---- INFORMATION
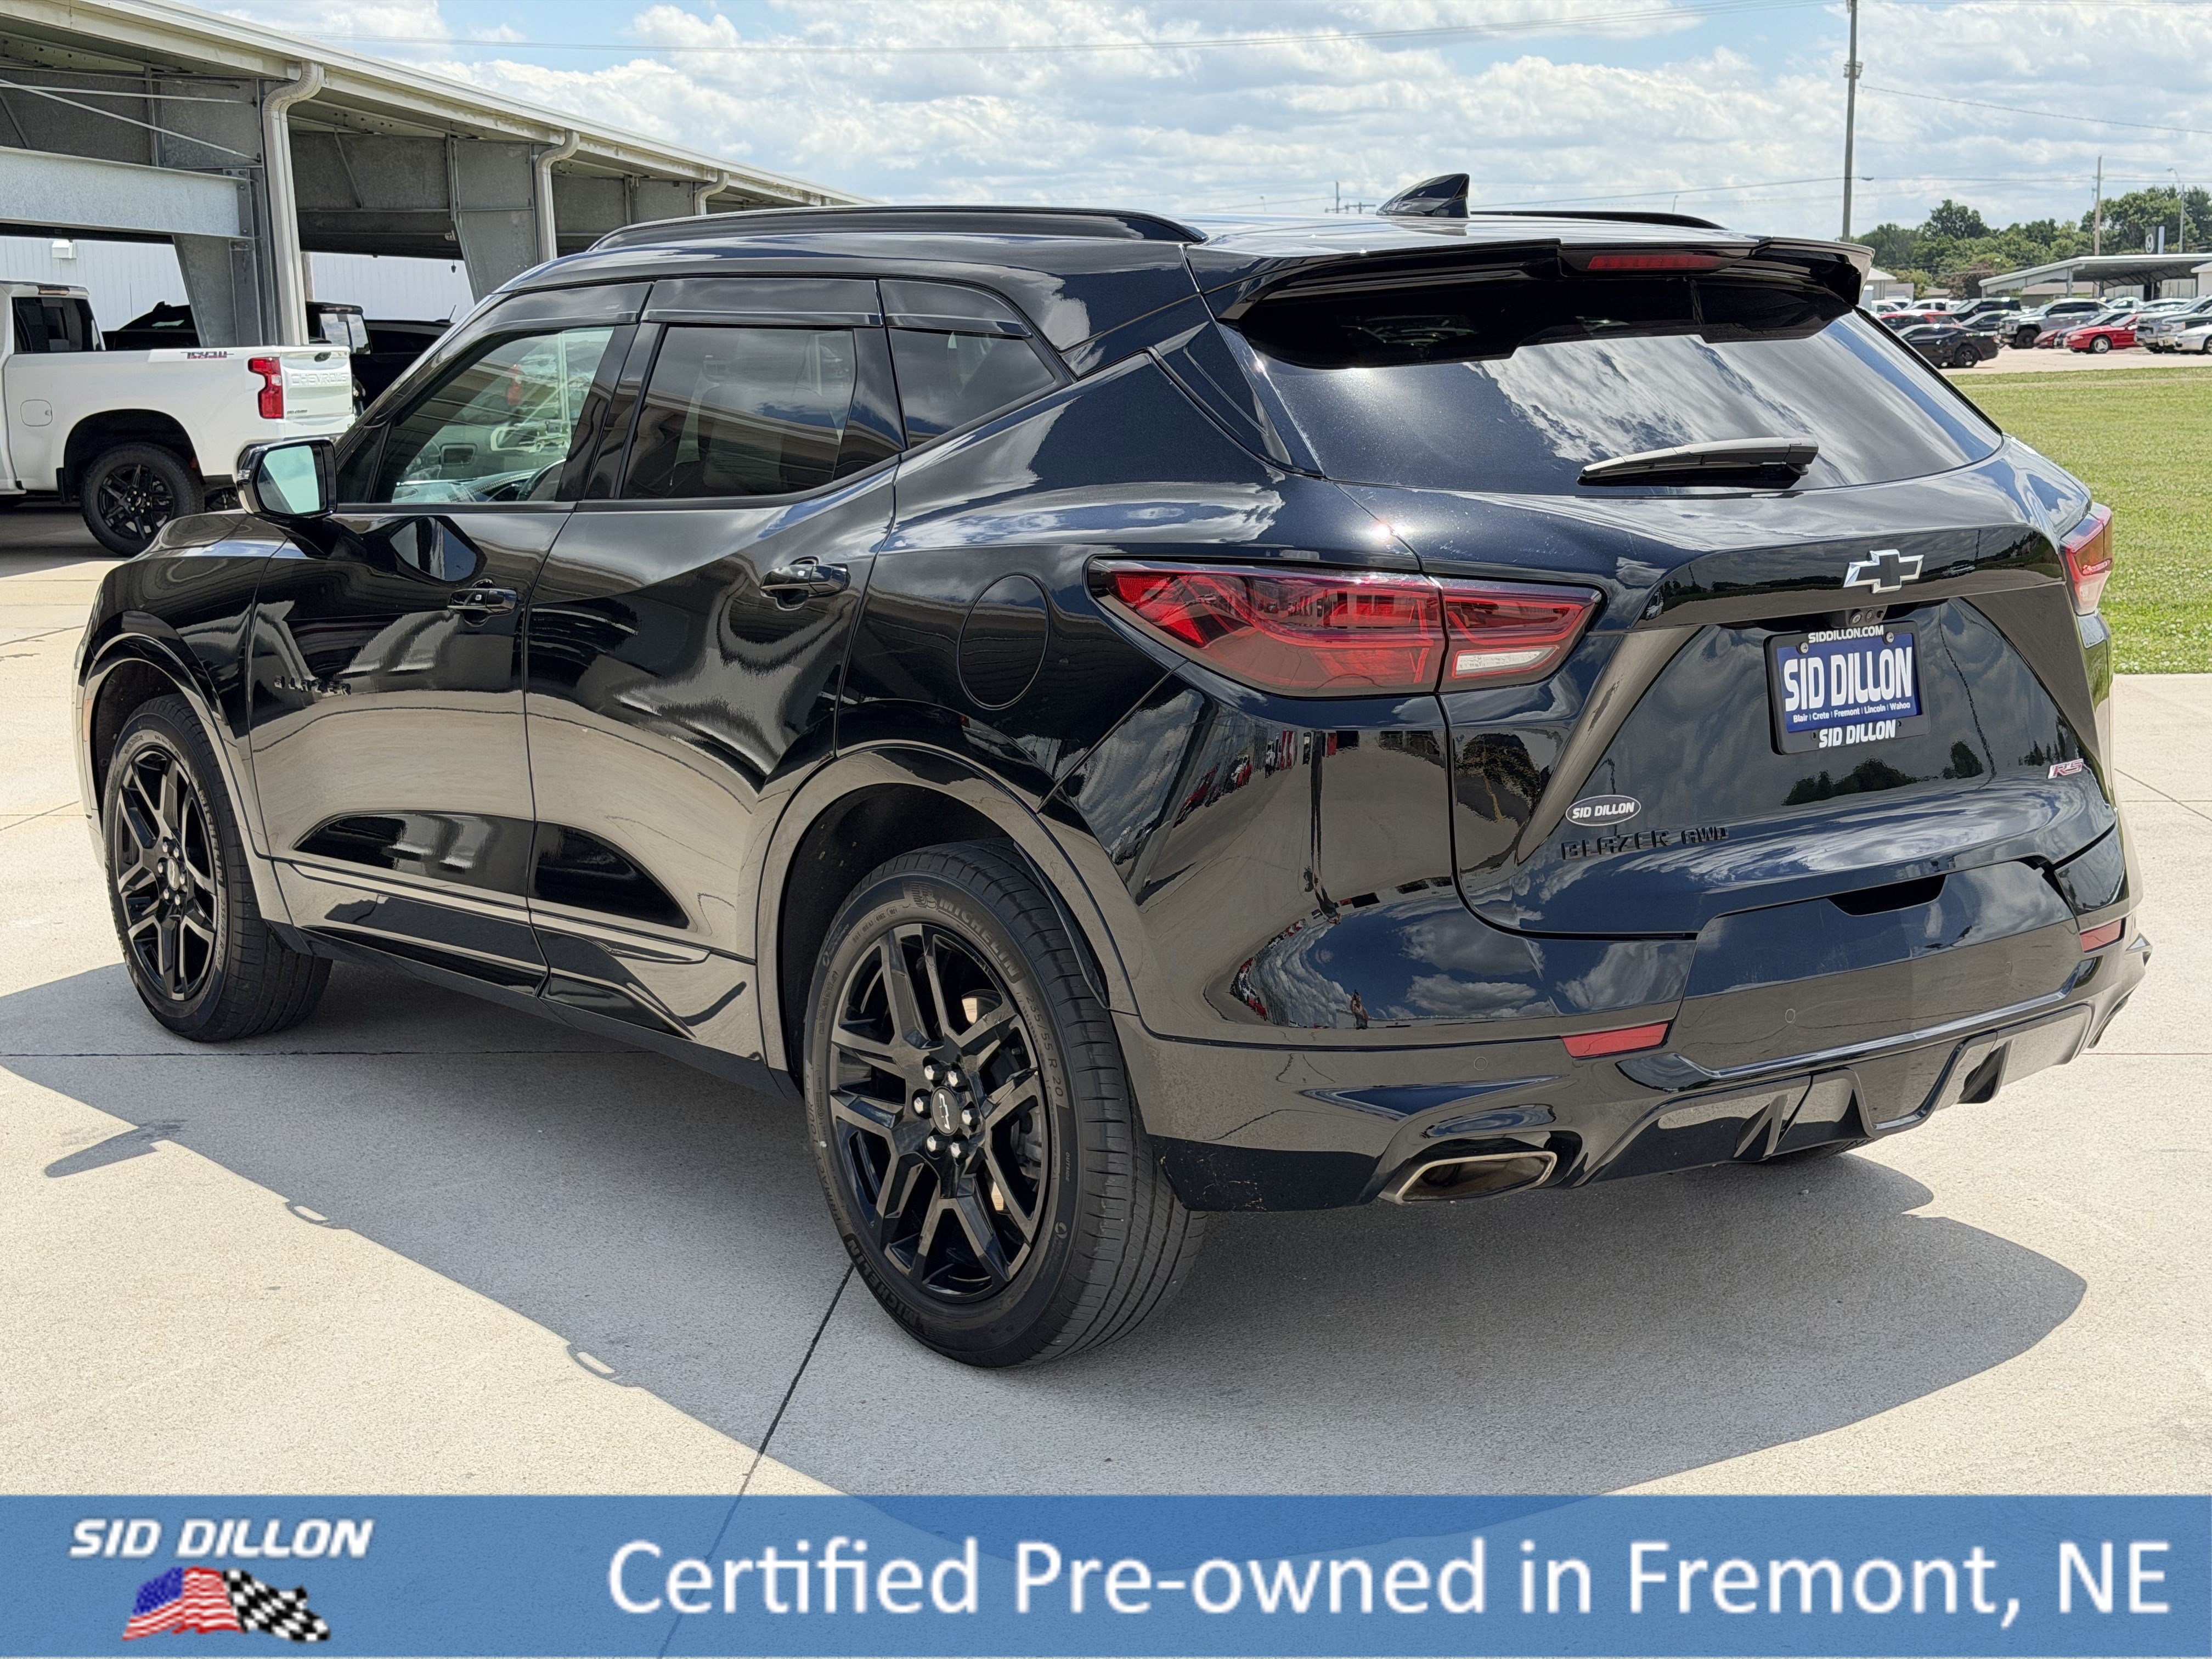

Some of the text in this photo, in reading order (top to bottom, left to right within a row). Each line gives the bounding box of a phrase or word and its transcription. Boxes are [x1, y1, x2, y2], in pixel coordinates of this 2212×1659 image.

[1808, 624, 1884, 644] SIDDILLON.COM
[1784, 646, 1912, 712] SID DILLON
[1793, 714, 1807, 723] Blair
[1834, 708, 1860, 718] Fremont
[1864, 705, 1886, 714] Lincoln
[1889, 702, 1910, 711] Wahoo
[1819, 719, 1896, 748] SID DILLON
[2048, 758, 2084, 779] RS
[1572, 802, 1635, 819] SID DILLON
[1561, 826, 1728, 860] BLAZER AWD
[939, 898, 1019, 977] MICHELIN
[1026, 995, 1054, 1051] 235/55
[1048, 1058, 1058, 1068] R
[1052, 1075, 1064, 1097] 20
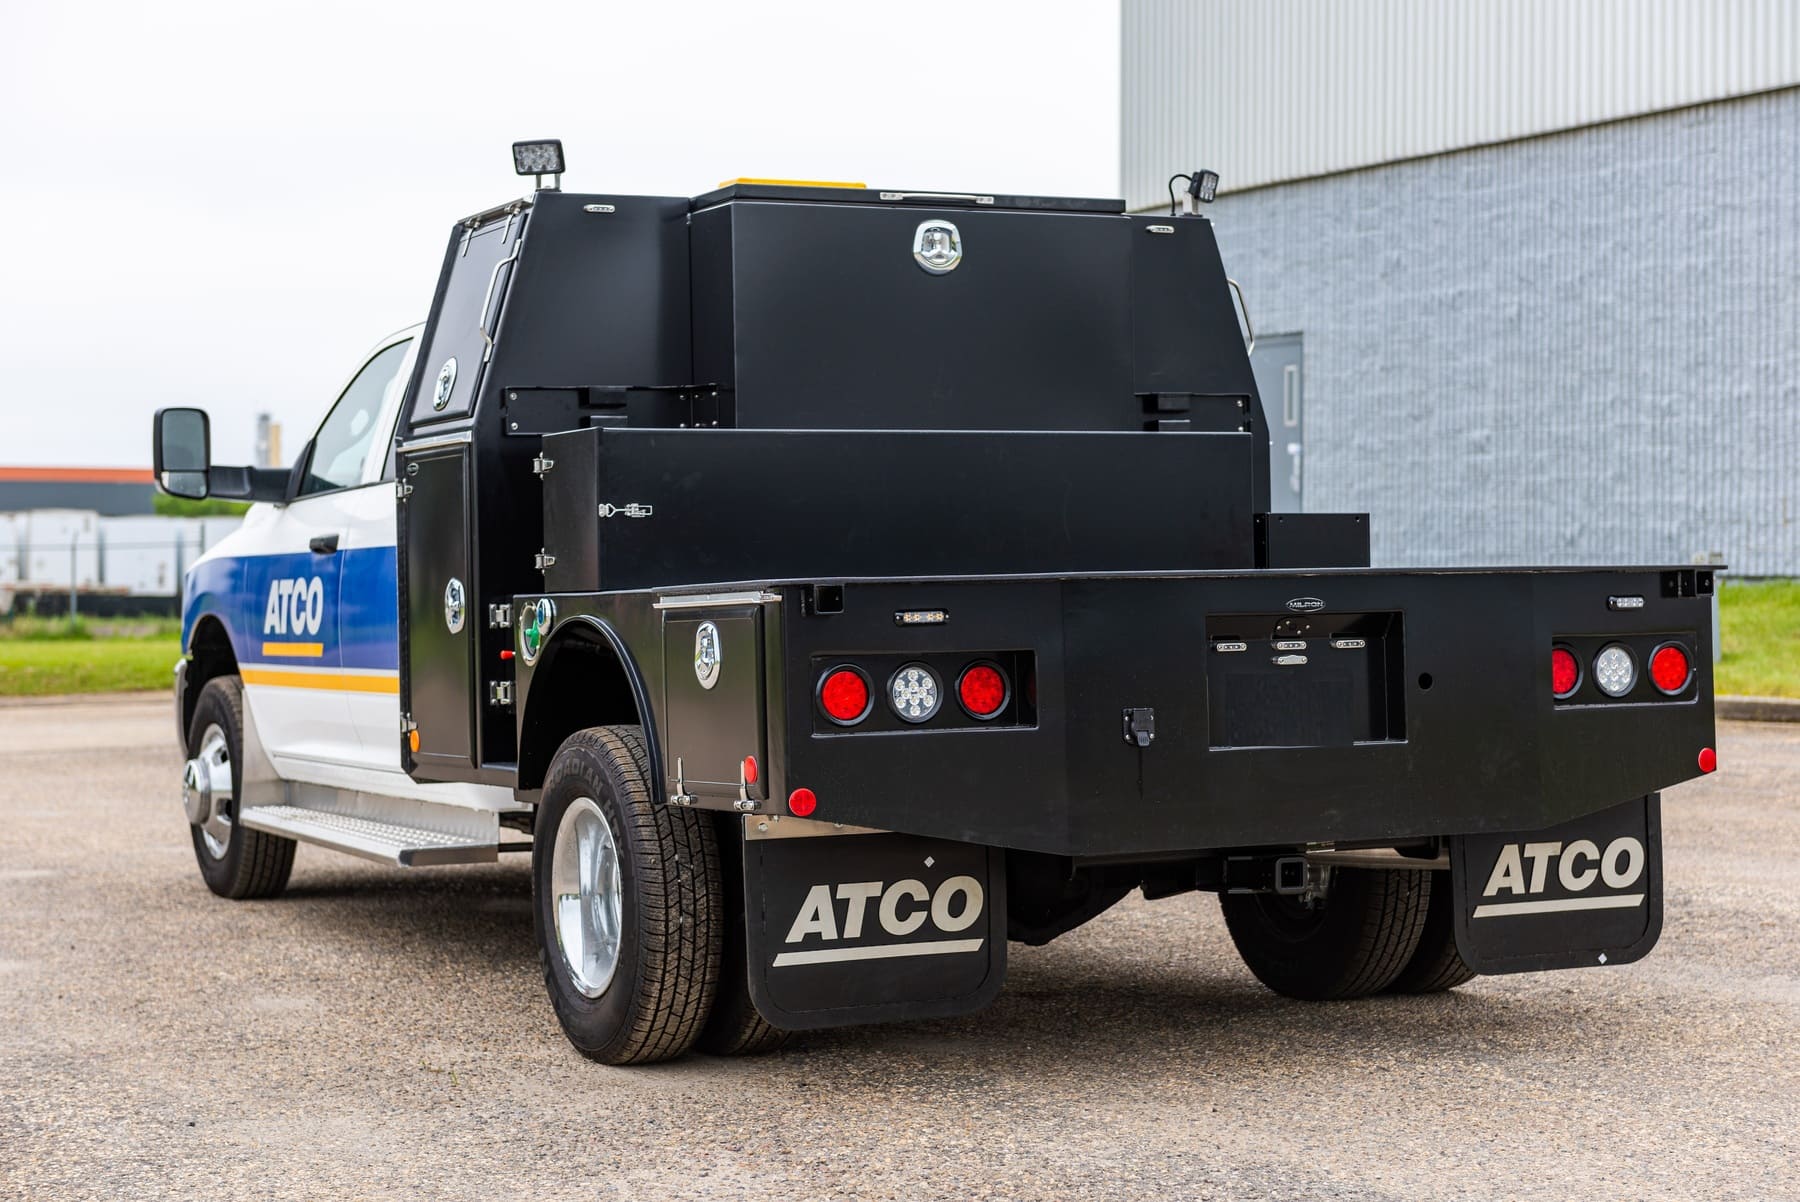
--------
AIM OF THE EXERCISE:
In transcribing the material above, reproduce each line exactly and include none of the pictures.

EXERCISE OUTPUT:
Some of the text in this photo, in reading order (top to bottom, left to right within a row). Each line gives the bounding box of a phrase or word and its transcription. Boxes are [x1, y1, x2, y2], in pixel coordinates of this 2212×1659 image.

[1808, 624, 1884, 644] SIDDILLON.COM
[1784, 646, 1912, 712] SID DILLON
[1793, 714, 1807, 723] Blair
[1834, 708, 1860, 718] Fremont
[1864, 705, 1886, 714] Lincoln
[1889, 702, 1910, 711] Wahoo
[1819, 719, 1896, 748] SID DILLON
[2048, 758, 2084, 779] RS
[1572, 802, 1635, 819] SID DILLON
[1561, 826, 1728, 860] BLAZER AWD
[939, 898, 1019, 977] MICHELIN
[1026, 995, 1054, 1051] 235/55
[1048, 1058, 1058, 1068] R
[1052, 1075, 1064, 1097] 20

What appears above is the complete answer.